World No. 2 Rory McIlroy was among the first to congratulate history-making Matteo Manassero after becoming the youngest-ever winner of the BMW PGA Championship.
Manassero, at 20 years and 37 days, became the youngest-ever Wentworth winner in defeating England’s and 2010 champion, Simon Khan with a par at the fourth extra play-off hole.
Manassero (69), Khan (66) and Scotland’s Marc Warren (69) had ended regulation play tied at 10-under par but with Warren bowing out at the first extra hole.
Among the first to congratulate the 20-year old was World No. 2 Rory McIlroy who tweeted: “Massive congrats Matteo. It makes me feel like and old man # Phenom.
Manassero, who also became the youngest-ever winner on Tour in winning the 2010 Castellon Masters, responded: “I’m happy he wrote that tweet. He is a bit older than me, I guess (smiling). But I am happy he wrote something and something nice like that.
“I have so much respect for Rory and I have been saying this for a few years now but he has the best game, and the most talented player out here and he achieves so much and I am just happy he tweeted something nice.”
But while Manassero, again wearing green pants on a Sunday in honour of idol Seve Ballesteros, Ireland’s Shane Lowry heads to today’s (MON) 36-hole US Open qualifier bitterly disappointed not to have automatically qualified for next month’s championship at Merion.
Lowry needed to finish top-three in the flagship event to be assured of contesting the season’s second Major for a first time in his career but was forced to settle for a share of 12th place on six under par.
Lowry had played superbly over the wet and miserable first two days with scores of 71 and 72 and went into the final day just three behind.
However the reigning Portugal Masters champion stalled to be one over par through eight holes before the first on just four birdies in his round at the ninth before also birding 11 and 12.
But it all came undone at the par five 17th when he sent his tee shot out-of-bounds to walk off with a double bogey before a little delight when he birdied the last.
“I’m very disappointed as I hung in there all day but that bad tee shot at 17 cost me a good few spots but then that’s golf,” he said.

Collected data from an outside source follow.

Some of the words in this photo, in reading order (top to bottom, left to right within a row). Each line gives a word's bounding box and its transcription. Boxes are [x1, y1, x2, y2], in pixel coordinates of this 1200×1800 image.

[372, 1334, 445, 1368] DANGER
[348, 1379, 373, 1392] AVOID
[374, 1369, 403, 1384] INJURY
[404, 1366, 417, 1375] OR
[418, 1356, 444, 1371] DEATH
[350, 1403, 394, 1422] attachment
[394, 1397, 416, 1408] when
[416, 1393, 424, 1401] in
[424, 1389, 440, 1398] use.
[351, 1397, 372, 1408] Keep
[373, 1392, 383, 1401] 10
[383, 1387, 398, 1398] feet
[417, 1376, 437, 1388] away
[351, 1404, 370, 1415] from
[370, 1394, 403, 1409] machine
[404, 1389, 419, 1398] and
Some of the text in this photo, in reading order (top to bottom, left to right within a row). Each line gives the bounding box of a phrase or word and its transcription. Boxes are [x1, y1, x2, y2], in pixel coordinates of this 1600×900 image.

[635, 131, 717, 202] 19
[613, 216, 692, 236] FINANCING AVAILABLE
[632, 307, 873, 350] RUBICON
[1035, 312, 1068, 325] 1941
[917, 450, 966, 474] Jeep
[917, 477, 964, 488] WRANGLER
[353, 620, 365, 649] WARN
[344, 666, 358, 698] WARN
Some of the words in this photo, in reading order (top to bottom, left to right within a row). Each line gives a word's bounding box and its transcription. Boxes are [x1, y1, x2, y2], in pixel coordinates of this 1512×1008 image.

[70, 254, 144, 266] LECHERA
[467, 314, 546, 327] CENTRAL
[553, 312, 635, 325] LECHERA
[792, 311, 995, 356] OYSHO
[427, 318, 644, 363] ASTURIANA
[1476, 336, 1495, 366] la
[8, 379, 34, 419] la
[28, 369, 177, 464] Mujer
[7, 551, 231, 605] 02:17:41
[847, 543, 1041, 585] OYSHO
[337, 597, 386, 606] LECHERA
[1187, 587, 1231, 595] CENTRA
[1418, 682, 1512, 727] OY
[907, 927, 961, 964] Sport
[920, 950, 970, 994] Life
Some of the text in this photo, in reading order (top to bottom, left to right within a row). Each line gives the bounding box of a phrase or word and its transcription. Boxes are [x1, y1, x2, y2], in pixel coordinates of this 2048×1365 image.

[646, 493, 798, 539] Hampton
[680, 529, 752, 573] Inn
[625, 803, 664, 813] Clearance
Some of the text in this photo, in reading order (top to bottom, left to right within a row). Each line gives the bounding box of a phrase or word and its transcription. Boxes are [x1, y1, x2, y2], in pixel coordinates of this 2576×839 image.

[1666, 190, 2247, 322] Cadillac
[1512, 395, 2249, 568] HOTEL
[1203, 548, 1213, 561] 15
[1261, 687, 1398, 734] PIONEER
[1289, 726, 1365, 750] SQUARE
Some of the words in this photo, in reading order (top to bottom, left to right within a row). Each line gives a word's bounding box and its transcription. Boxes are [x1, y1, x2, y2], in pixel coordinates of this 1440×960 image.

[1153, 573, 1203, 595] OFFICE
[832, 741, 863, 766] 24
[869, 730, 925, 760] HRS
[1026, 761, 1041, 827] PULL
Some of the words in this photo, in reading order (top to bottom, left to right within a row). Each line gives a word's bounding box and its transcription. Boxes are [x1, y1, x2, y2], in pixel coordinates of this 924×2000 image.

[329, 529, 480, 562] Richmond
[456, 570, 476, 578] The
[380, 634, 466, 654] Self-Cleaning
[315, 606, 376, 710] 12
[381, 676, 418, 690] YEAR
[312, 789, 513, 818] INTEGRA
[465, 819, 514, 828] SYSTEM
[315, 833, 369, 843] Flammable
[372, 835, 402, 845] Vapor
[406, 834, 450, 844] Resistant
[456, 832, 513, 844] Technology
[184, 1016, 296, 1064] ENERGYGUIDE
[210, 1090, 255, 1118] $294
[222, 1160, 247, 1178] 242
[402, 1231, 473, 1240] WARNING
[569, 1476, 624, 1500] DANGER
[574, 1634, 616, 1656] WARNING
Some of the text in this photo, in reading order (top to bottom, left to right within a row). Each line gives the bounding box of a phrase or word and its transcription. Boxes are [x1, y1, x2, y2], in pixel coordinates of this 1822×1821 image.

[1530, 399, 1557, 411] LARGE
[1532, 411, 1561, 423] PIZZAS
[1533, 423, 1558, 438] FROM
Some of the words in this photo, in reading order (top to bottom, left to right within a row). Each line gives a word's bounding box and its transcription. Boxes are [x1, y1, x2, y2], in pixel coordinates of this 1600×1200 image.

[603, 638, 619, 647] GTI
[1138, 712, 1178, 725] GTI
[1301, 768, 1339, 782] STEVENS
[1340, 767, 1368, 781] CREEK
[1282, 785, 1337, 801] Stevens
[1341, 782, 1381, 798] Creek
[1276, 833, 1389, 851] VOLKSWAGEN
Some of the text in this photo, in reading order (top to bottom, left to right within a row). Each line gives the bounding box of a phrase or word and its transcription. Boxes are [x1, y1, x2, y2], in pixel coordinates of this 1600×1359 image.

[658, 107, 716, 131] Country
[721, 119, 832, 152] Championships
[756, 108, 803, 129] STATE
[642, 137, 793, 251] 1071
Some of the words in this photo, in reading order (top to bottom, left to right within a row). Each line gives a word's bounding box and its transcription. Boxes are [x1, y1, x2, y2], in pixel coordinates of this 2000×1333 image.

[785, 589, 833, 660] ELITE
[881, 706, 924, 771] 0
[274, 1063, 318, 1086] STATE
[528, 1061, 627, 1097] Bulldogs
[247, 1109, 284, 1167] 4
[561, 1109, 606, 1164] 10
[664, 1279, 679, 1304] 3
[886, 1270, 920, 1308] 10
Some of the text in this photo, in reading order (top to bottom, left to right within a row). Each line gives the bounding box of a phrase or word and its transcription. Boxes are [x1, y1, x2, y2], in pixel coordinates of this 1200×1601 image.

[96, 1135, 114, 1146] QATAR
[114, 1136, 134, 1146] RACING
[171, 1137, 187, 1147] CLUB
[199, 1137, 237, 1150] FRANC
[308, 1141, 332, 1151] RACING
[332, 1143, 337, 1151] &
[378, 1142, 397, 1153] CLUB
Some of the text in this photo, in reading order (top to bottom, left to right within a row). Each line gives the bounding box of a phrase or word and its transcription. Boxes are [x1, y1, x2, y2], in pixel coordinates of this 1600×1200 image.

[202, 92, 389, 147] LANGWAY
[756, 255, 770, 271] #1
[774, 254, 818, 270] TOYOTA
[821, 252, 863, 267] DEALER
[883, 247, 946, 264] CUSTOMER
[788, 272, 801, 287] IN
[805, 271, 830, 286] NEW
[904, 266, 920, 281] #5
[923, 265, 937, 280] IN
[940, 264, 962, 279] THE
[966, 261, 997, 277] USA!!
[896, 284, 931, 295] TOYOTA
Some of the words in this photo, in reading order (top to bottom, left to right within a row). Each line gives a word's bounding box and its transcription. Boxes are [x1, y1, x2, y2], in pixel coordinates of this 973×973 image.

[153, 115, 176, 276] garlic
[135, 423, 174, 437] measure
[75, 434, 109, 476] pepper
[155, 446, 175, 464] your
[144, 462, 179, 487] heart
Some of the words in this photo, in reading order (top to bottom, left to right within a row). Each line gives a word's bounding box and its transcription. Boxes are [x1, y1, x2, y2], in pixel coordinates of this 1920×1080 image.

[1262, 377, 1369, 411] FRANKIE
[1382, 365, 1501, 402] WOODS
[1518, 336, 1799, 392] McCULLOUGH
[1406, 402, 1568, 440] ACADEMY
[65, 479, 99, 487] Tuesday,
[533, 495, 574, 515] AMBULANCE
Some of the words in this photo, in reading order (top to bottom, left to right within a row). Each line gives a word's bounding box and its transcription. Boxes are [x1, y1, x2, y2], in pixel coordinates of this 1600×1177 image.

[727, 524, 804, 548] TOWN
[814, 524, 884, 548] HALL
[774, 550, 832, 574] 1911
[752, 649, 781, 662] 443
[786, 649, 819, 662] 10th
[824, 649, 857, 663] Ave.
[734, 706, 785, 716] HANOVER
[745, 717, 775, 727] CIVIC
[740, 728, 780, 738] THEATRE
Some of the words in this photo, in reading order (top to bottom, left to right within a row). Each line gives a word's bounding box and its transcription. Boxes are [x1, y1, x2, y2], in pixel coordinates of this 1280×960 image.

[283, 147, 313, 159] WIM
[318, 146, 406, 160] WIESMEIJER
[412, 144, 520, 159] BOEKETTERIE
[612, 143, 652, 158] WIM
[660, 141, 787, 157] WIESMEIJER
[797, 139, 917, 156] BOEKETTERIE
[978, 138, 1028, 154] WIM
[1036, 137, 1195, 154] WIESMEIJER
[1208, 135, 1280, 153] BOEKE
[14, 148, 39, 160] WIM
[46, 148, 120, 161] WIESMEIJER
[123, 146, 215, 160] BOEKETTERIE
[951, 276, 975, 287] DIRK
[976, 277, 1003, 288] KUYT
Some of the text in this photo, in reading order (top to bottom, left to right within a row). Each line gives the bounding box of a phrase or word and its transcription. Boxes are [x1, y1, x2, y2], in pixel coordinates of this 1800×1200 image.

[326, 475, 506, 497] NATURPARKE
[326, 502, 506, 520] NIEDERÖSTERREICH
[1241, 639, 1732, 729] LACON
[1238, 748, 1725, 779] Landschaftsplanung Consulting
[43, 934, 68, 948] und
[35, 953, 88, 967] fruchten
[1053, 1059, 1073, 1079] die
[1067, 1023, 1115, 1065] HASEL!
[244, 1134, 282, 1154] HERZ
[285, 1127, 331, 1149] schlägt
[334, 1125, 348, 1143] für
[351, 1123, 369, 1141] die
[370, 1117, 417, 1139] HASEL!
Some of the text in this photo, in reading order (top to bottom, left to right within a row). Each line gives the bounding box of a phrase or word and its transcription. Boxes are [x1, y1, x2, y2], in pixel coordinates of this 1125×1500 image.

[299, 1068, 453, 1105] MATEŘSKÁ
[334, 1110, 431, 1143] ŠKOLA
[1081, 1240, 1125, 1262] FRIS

“The thing is I had all of England to the right of 17 and I didn’t come here this week to finish 12th as I came here to contend.
“I said to Dermot (Byrne – caddy) coming up the last that when we stood on 10 today and we knew we still had a good chance of winning the BMW PGA , if we put in a good back nine.
“But all in all it was a good week and it’s been good to be in contention for a few holes there on the back nine.”
Lowry will join Gareth Maybin and Peter Lawrie today (MON) at Walton Heath in a field of 96 and with the top-10 advancing to compete at Merion.
And Lowry is no stranger to Walton Heath having been three on three prior occasions and winning through just once in 2011 to the US Open.
“I was thinking about Walton Heath when I went out there today, hoping to put in a good finish, and even after I birdied 13 I was right there with a chance so I now have to go and play 36 holes,” he said.
“I will go back and chill out this evening, get a good dinner in and get up early in the morning and get myself up for playing those 36 holes.”
And whether or not he’s successful, Lowry is booked on an 8pm flight to the States and this week’s Memorial in Dublin, Ohio.
“It would be a great feeling going to the Memorial knowing I am also into the US Open but we’ll just to wait and see what happens.
“I’m definitely playing well enough to go out and perform. If I can just keep my head on, keep my head in the right place tomorrow, I feel like I’ll qualify.”
In contrast to Lowry, Darren Clarke eagled Wentworth’s penultimate hole in a score of 69 for a share of 32nd place on three under par.
The Tour’s flagship event got off to a sour start with accusations of racism but then suffered another body blow when McIlroy joined four of his victorious Ryder Cup colleagues in missing the cut.